* **AIM OF THE TASK**
What is needed is a word-for-word transcription of every record below.

(RECORDS)

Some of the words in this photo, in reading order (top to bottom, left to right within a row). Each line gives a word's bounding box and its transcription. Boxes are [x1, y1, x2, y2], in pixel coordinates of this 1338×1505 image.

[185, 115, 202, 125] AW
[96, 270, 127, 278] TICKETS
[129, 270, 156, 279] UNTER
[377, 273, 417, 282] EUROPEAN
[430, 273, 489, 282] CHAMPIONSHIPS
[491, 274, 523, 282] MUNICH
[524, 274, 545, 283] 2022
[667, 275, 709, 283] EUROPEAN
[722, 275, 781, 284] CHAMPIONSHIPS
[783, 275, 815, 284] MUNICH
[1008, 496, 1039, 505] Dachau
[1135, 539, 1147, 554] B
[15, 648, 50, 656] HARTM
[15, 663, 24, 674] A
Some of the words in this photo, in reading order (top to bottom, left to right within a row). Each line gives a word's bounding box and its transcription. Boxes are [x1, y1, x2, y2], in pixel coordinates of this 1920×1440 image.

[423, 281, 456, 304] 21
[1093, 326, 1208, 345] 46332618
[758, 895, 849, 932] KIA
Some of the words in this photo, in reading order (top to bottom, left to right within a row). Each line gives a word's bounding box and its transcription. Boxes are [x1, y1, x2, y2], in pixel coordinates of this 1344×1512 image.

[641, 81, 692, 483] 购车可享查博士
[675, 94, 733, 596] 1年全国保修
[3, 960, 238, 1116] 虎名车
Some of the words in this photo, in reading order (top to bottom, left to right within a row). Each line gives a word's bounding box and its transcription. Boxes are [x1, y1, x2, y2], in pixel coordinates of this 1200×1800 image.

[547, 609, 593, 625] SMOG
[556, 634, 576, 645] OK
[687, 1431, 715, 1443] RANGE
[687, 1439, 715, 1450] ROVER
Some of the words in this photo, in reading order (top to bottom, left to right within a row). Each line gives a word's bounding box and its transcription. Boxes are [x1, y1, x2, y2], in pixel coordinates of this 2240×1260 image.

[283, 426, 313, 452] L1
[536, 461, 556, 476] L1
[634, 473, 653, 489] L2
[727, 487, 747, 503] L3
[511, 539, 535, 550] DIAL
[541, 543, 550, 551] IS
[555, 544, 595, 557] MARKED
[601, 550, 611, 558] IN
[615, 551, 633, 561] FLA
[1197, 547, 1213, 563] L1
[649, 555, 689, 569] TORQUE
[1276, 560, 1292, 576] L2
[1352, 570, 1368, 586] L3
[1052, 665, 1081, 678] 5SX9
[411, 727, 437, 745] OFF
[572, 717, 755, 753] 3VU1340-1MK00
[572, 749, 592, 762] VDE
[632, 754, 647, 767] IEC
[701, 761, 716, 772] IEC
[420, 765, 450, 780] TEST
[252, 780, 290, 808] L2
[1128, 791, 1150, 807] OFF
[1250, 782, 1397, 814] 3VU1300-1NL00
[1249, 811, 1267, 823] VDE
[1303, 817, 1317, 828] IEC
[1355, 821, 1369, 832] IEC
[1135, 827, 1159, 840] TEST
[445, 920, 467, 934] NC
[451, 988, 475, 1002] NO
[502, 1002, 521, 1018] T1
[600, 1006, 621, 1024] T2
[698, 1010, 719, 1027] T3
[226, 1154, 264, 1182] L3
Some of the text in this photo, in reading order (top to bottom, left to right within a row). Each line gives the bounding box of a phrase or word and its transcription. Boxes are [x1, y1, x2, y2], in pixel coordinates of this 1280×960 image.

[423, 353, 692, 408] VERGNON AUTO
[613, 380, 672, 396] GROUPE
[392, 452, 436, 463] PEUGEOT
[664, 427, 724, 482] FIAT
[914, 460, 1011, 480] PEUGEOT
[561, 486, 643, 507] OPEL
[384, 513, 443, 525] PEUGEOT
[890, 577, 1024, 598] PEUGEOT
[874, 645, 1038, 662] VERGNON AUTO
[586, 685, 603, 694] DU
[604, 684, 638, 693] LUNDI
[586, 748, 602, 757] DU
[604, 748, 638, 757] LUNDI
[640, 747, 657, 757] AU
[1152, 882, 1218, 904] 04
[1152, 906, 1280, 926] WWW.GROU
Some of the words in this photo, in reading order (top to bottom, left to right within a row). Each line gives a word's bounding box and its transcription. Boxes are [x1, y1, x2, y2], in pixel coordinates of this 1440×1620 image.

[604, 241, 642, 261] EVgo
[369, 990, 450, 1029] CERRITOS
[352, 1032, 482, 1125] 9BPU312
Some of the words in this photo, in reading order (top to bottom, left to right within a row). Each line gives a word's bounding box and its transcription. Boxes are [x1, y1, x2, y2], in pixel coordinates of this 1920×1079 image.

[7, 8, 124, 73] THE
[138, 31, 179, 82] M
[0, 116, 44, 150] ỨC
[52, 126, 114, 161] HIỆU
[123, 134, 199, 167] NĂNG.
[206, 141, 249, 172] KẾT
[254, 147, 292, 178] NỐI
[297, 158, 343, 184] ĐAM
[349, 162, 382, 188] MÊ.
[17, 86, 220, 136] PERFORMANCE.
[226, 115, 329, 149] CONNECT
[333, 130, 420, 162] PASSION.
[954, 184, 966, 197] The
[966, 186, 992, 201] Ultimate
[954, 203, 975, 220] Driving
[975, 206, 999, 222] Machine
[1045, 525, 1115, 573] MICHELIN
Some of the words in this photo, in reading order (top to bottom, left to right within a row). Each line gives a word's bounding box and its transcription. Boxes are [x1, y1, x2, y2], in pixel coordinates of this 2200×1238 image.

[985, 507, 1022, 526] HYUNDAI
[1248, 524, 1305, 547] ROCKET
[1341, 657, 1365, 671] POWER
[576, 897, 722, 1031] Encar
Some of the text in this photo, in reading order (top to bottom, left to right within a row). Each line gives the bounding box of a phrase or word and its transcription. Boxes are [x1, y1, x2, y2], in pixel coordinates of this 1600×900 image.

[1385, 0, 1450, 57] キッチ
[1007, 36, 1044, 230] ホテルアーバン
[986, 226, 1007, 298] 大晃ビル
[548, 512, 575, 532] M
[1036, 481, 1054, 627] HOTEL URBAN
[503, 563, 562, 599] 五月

(End RECORDS)

* **ANSWER SECTION**
Some of the words in this photo, in reading order (top to bottom, left to right within a row). Each line gives a word's bounding box and its transcription. Boxes are [x1, y1, x2, y2], in pixel coordinates of this 1338×1505 image.

[185, 115, 202, 125] AW
[96, 270, 127, 278] TICKETS
[129, 270, 156, 279] UNTER
[377, 273, 417, 282] EUROPEAN
[430, 273, 489, 282] CHAMPIONSHIPS
[491, 274, 523, 282] MUNICH
[524, 274, 545, 283] 2022
[667, 275, 709, 283] EUROPEAN
[722, 275, 781, 284] CHAMPIONSHIPS
[783, 275, 815, 284] MUNICH
[1008, 496, 1039, 505] Dachau
[1135, 539, 1147, 554] B
[15, 648, 50, 656] HARTM
[15, 663, 24, 674] A
Some of the words in this photo, in reading order (top to bottom, left to right within a row). Each line gives a word's bounding box and its transcription. Boxes are [x1, y1, x2, y2], in pixel coordinates of this 1920×1440 image.

[423, 281, 456, 304] 21
[1093, 326, 1208, 345] 46332618
[758, 895, 849, 932] KIA
Some of the words in this photo, in reading order (top to bottom, left to right within a row). Each line gives a word's bounding box and its transcription. Boxes are [x1, y1, x2, y2], in pixel coordinates of this 1344×1512 image.

[641, 81, 692, 483] 购车可享查博士
[675, 94, 733, 596] 1年全国保修
[3, 960, 238, 1116] 虎名车
Some of the words in this photo, in reading order (top to bottom, left to right within a row). Each line gives a word's bounding box and its transcription. Boxes are [x1, y1, x2, y2], in pixel coordinates of this 1200×1800 image.

[547, 609, 593, 625] SMOG
[556, 634, 576, 645] OK
[687, 1431, 715, 1443] RANGE
[687, 1439, 715, 1450] ROVER
Some of the words in this photo, in reading order (top to bottom, left to right within a row). Each line gives a word's bounding box and its transcription. Boxes are [x1, y1, x2, y2], in pixel coordinates of this 2240×1260 image.

[283, 426, 313, 452] L1
[536, 461, 556, 476] L1
[634, 473, 653, 489] L2
[727, 487, 747, 503] L3
[511, 539, 535, 550] DIAL
[541, 543, 550, 551] IS
[555, 544, 595, 557] MARKED
[601, 550, 611, 558] IN
[615, 551, 633, 561] FLA
[1197, 547, 1213, 563] L1
[649, 555, 689, 569] TORQUE
[1276, 560, 1292, 576] L2
[1352, 570, 1368, 586] L3
[1052, 665, 1081, 678] 5SX9
[411, 727, 437, 745] OFF
[572, 717, 755, 753] 3VU1340-1MK00
[572, 749, 592, 762] VDE
[632, 754, 647, 767] IEC
[701, 761, 716, 772] IEC
[420, 765, 450, 780] TEST
[252, 780, 290, 808] L2
[1128, 791, 1150, 807] OFF
[1250, 782, 1397, 814] 3VU1300-1NL00
[1249, 811, 1267, 823] VDE
[1303, 817, 1317, 828] IEC
[1355, 821, 1369, 832] IEC
[1135, 827, 1159, 840] TEST
[445, 920, 467, 934] NC
[451, 988, 475, 1002] NO
[502, 1002, 521, 1018] T1
[600, 1006, 621, 1024] T2
[698, 1010, 719, 1027] T3
[226, 1154, 264, 1182] L3
Some of the text in this photo, in reading order (top to bottom, left to right within a row). Each line gives the bounding box of a phrase or word and its transcription. Boxes are [x1, y1, x2, y2], in pixel coordinates of this 1280×960 image.

[423, 353, 692, 408] VERGNON AUTO
[613, 380, 672, 396] GROUPE
[392, 452, 436, 463] PEUGEOT
[664, 427, 724, 482] FIAT
[914, 460, 1011, 480] PEUGEOT
[561, 486, 643, 507] OPEL
[384, 513, 443, 525] PEUGEOT
[890, 577, 1024, 598] PEUGEOT
[874, 645, 1038, 662] VERGNON AUTO
[586, 685, 603, 694] DU
[604, 684, 638, 693] LUNDI
[586, 748, 602, 757] DU
[604, 748, 638, 757] LUNDI
[640, 747, 657, 757] AU
[1152, 882, 1218, 904] 04
[1152, 906, 1280, 926] WWW.GROU
Some of the words in this photo, in reading order (top to bottom, left to right within a row). Each line gives a word's bounding box and its transcription. Boxes are [x1, y1, x2, y2], in pixel coordinates of this 1440×1620 image.

[604, 241, 642, 261] EVgo
[369, 990, 450, 1029] CERRITOS
[352, 1032, 482, 1125] 9BPU312
Some of the words in this photo, in reading order (top to bottom, left to right within a row). Each line gives a word's bounding box and its transcription. Boxes are [x1, y1, x2, y2], in pixel coordinates of this 1920×1079 image.

[7, 8, 124, 73] THE
[138, 31, 179, 82] M
[0, 116, 44, 150] ỨC
[52, 126, 114, 161] HIỆU
[123, 134, 199, 167] NĂNG.
[206, 141, 249, 172] KẾT
[254, 147, 292, 178] NỐI
[297, 158, 343, 184] ĐAM
[349, 162, 382, 188] MÊ.
[17, 86, 220, 136] PERFORMANCE.
[226, 115, 329, 149] CONNECT
[333, 130, 420, 162] PASSION.
[954, 184, 966, 197] The
[966, 186, 992, 201] Ultimate
[954, 203, 975, 220] Driving
[975, 206, 999, 222] Machine
[1045, 525, 1115, 573] MICHELIN
Some of the words in this photo, in reading order (top to bottom, left to right within a row). Each line gives a word's bounding box and its transcription. Boxes are [x1, y1, x2, y2], in pixel coordinates of this 2200×1238 image.

[985, 507, 1022, 526] HYUNDAI
[1248, 524, 1305, 547] ROCKET
[1341, 657, 1365, 671] POWER
[576, 897, 722, 1031] Encar
Some of the text in this photo, in reading order (top to bottom, left to right within a row). Each line gives the bounding box of a phrase or word and its transcription. Boxes are [x1, y1, x2, y2], in pixel coordinates of this 1600×900 image.

[1385, 0, 1450, 57] キッチ
[1007, 36, 1044, 230] ホテルアーバン
[986, 226, 1007, 298] 大晃ビル
[548, 512, 575, 532] M
[1036, 481, 1054, 627] HOTEL URBAN
[503, 563, 562, 599] 五月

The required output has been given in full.